La deuxième question renvoie aux outils à mobiliser pour favoriser la mobilité, la santé, l'accès à l'éducation. Pour que les jeunes ruraux puissent avoir le choix, et pour réduire les inégalités, il faut que les familles ne se sentent pas dans l'incapacité de faire en sorte que leurs enfants puissent continuer leur parcours scolaire. D'où l'importance des bourses. Les outils d'éducation populaire sont très importants aussi, et ils ont disparu d'un certain nombre de territoires ruraux. Nous devons les revivifier pour faire en sorte que ces espaces intègrent les jeunes à notre société, en leur permettant de se construire.
La dernière question est de savoir comment inclure les jeunes dans la construction des politiques publiques. Cela demande de repenser nos espaces démocratiques, d'y insérer la société civile organisée. C'est le moment. La situation est très critique et l'ensemble de la société s'en rend compte.
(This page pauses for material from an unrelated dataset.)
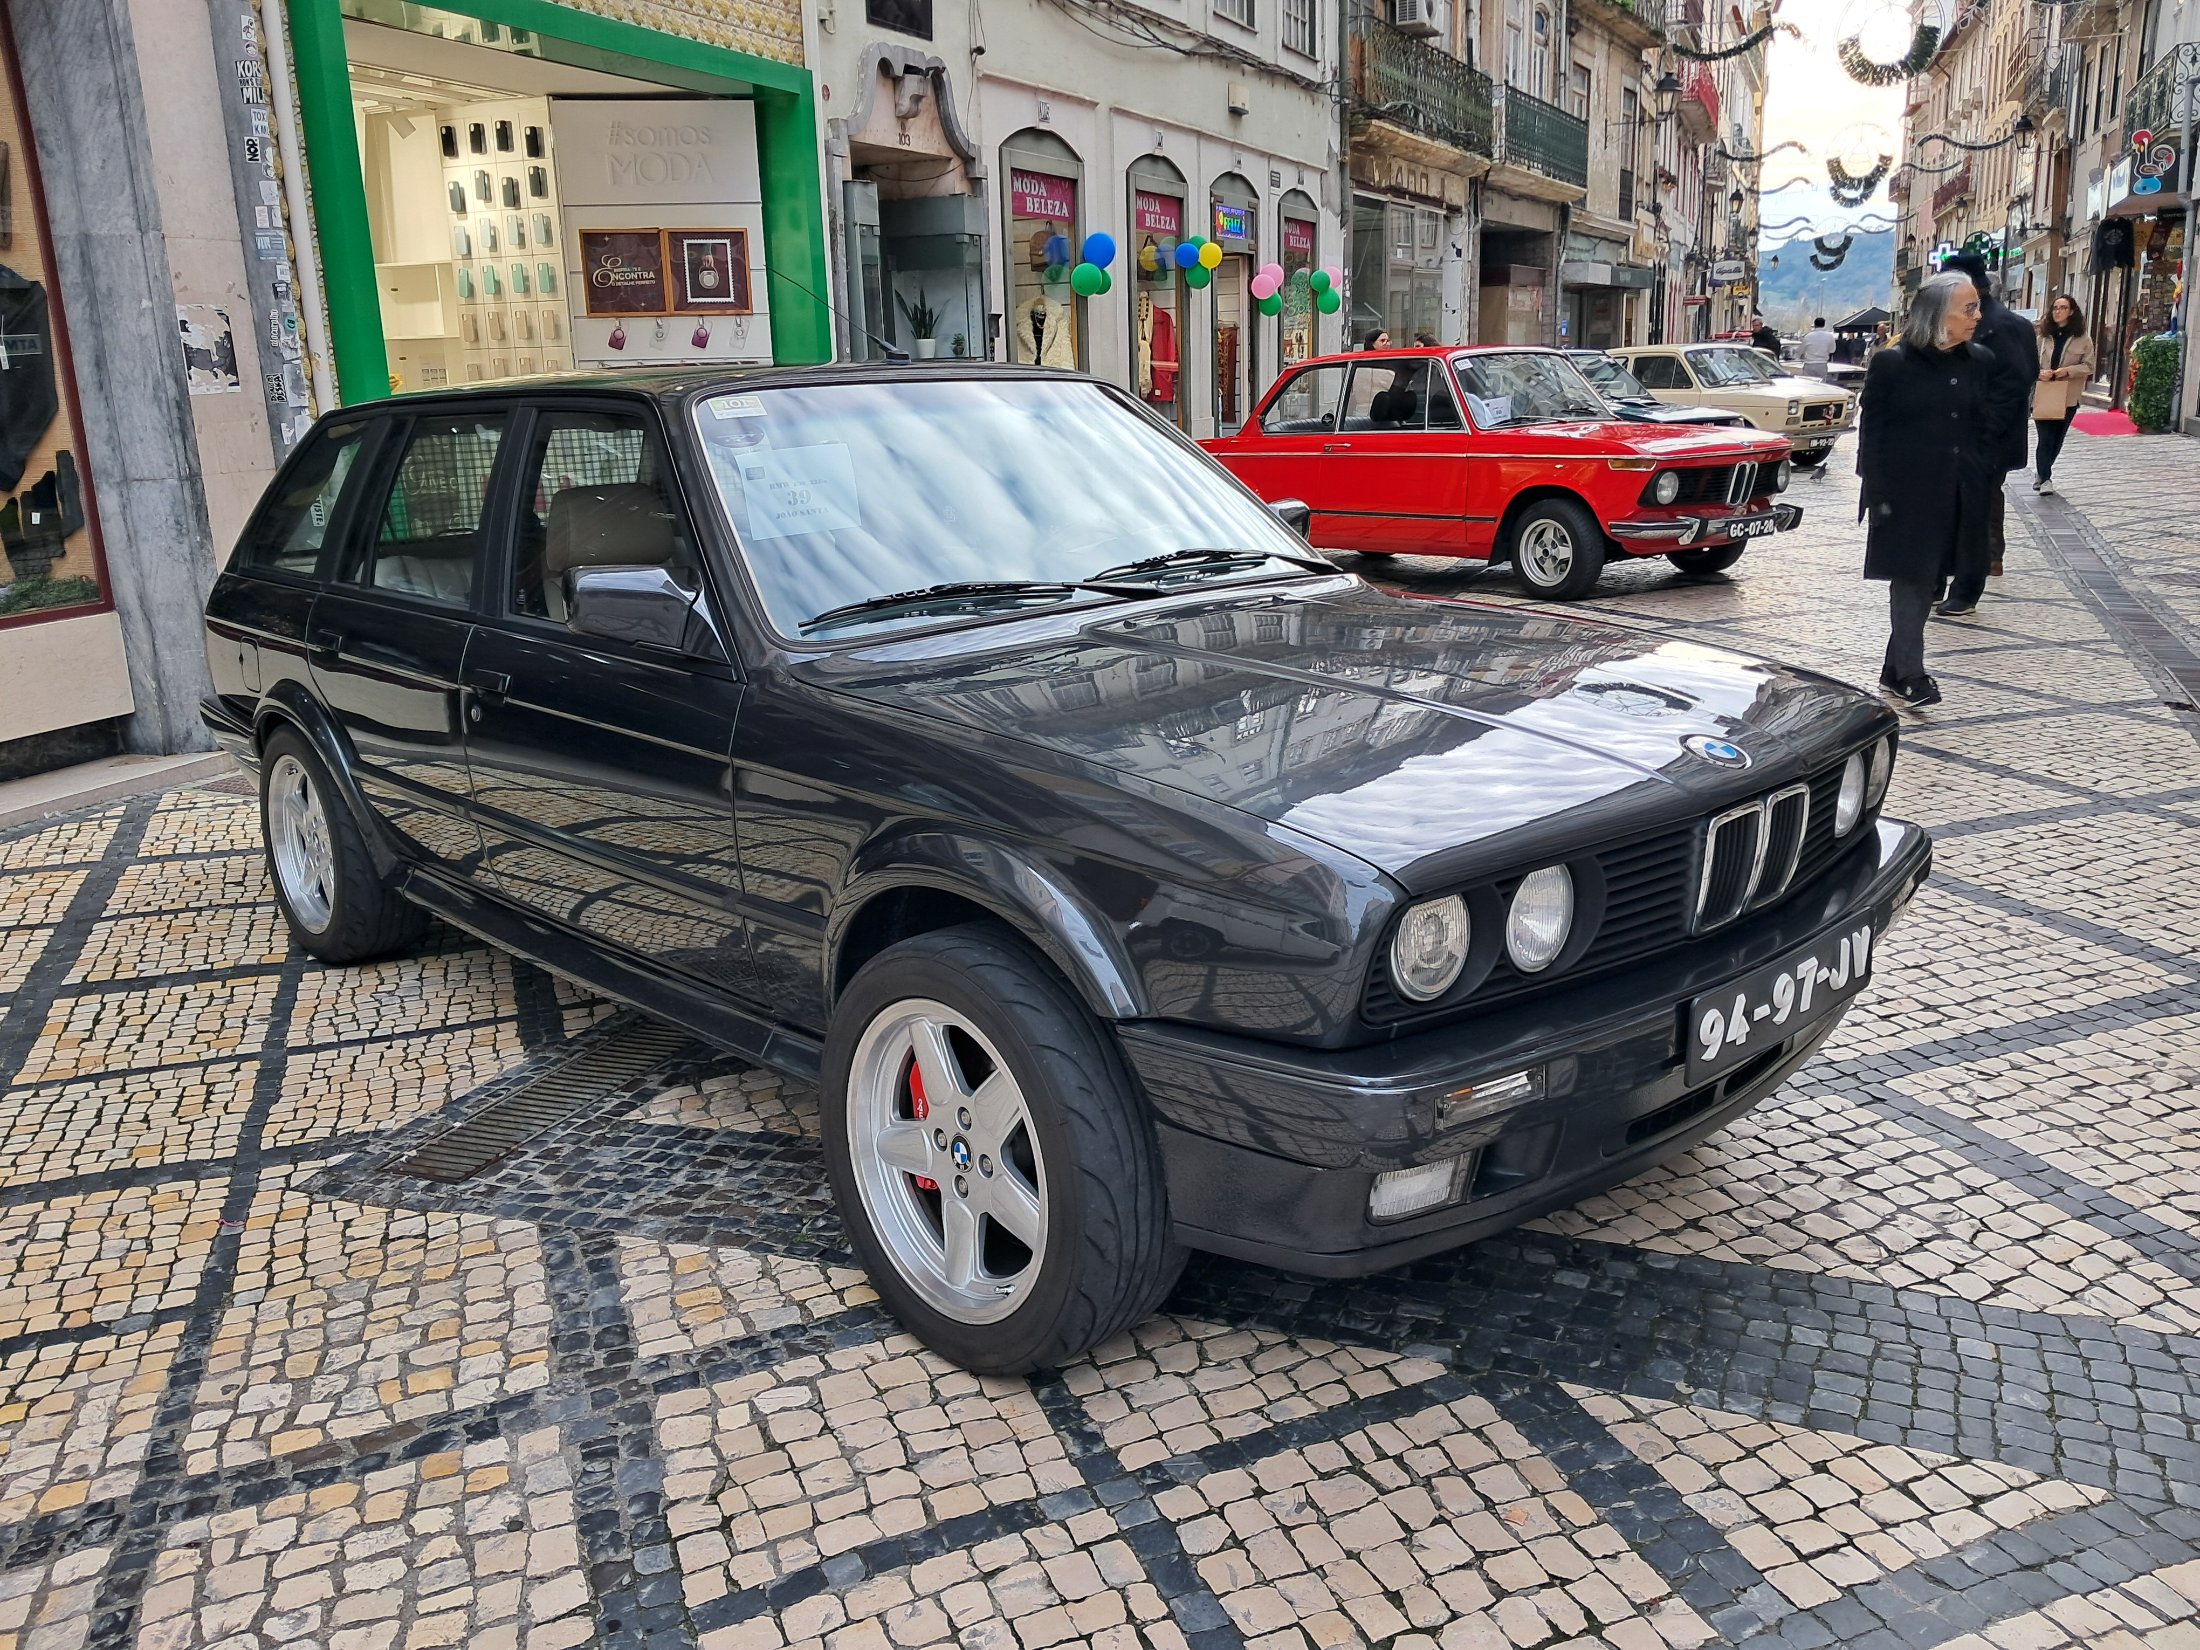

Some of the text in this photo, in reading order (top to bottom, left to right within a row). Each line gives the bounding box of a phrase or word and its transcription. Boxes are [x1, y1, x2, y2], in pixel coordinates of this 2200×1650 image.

Le risque serait d'accentuer le fossé entre les jeunes et nos institutions, et que les jeunes se trouvent exclus des outils de la protection sociale qui font la cohésion de notre société. S'ils en sont exclus au moment où ils en ont le plus besoin, ils ne croiront plus, demain, en leur valeur. Ce serait une catastrophe pour la cohésion de l'ensemble de notre société.
La société civile est prête à des évolutions. L'ensemble des composantes du CESE s'est positionné en faveur de l'accès des jeunes aux minima sociaux. Aux politiques, désormais, de s'emparer de cette question, pour promouvoir une vraie considération des jeunes dans la société !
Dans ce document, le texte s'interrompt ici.